Design and performance issues:
- DRBD - a full reboot of all nodes in the cluster takes hours, because all machines need to be migrated between the nodes (which is fine) and do not migrate back to their original pattern (which is not). this might or might not be fixed by a change in the migration algorithm, but it could also be fixed by changing storage away from DRBD to something else.
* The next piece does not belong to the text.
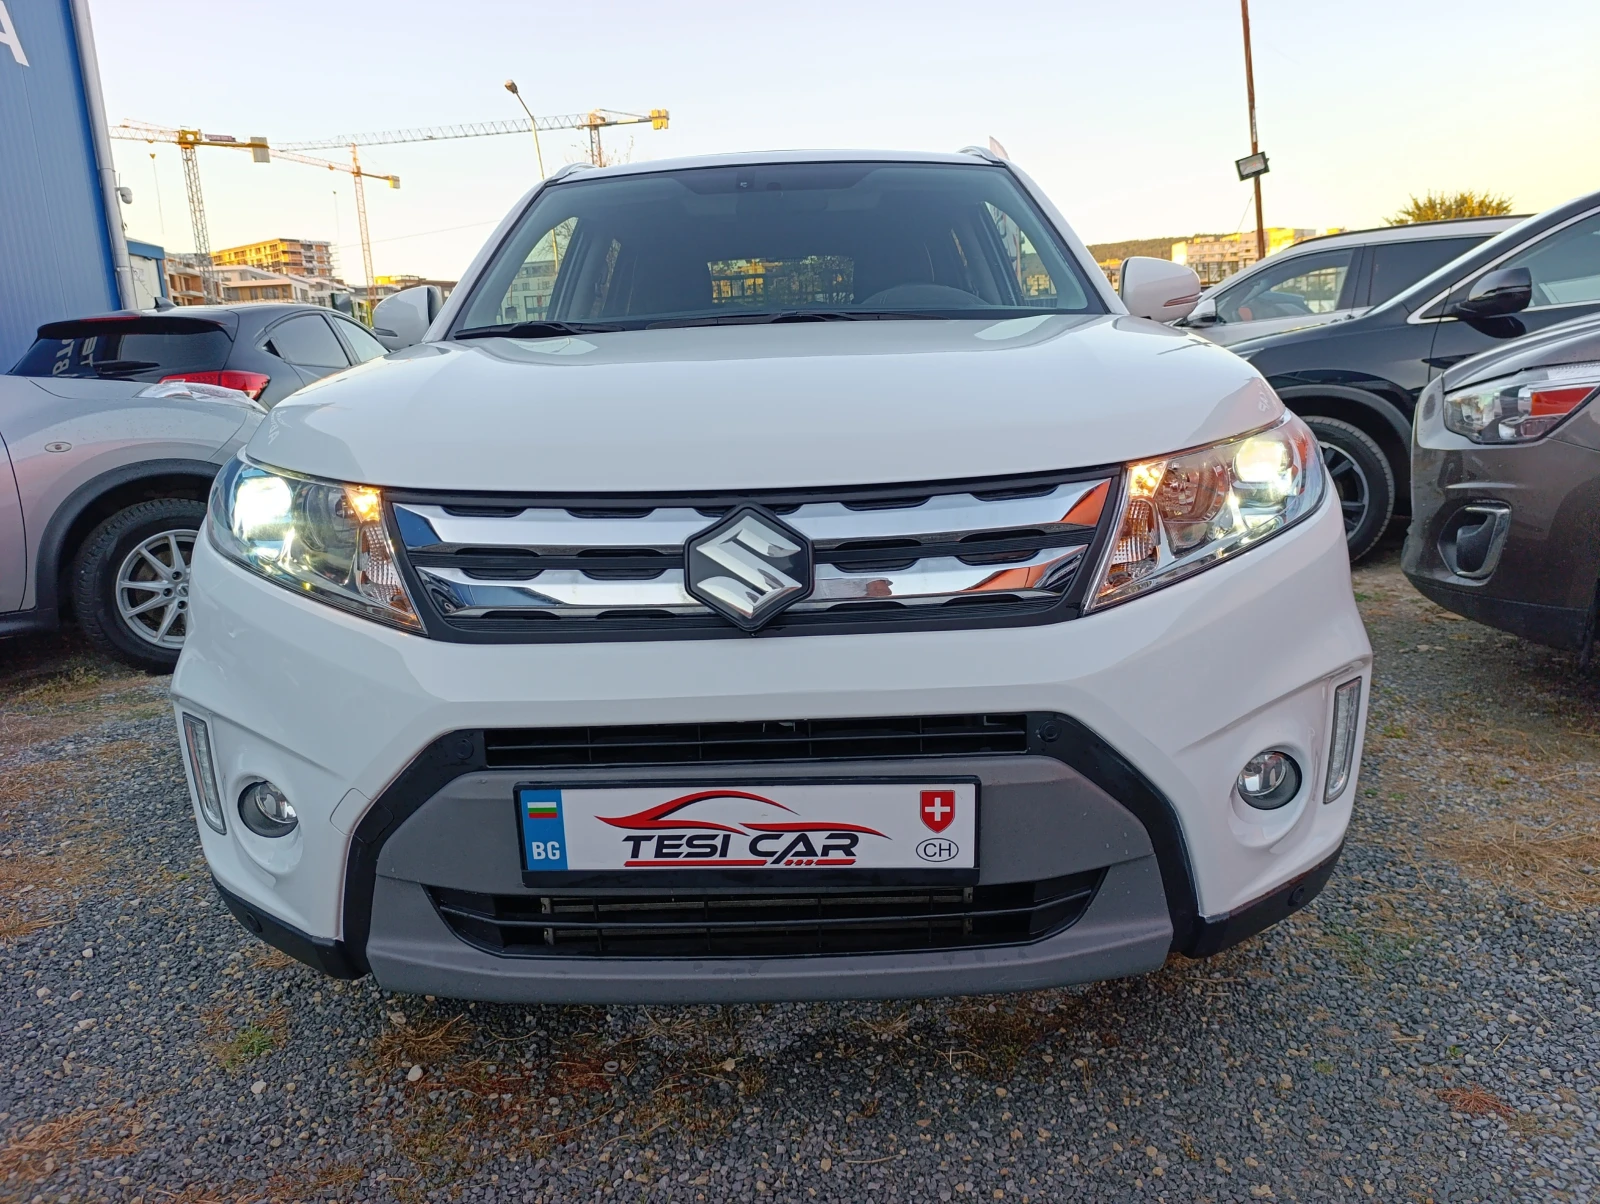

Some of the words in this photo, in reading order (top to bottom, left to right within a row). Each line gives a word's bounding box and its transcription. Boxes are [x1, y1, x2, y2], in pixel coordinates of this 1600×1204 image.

- tpo/network-health/metrics/collector#40012 (closed) - onionoo/collector storage. lots of small files, might require FS snapshots or transition to database, see new design in that ticket, or object storage (tpo/network-health/metrics/collector#40023 (closed))
- #40650 (closed) - colchicifolium backups take days to complete, possible solution in object storage (tpo/network-health/metrics/collector#40023 (closed))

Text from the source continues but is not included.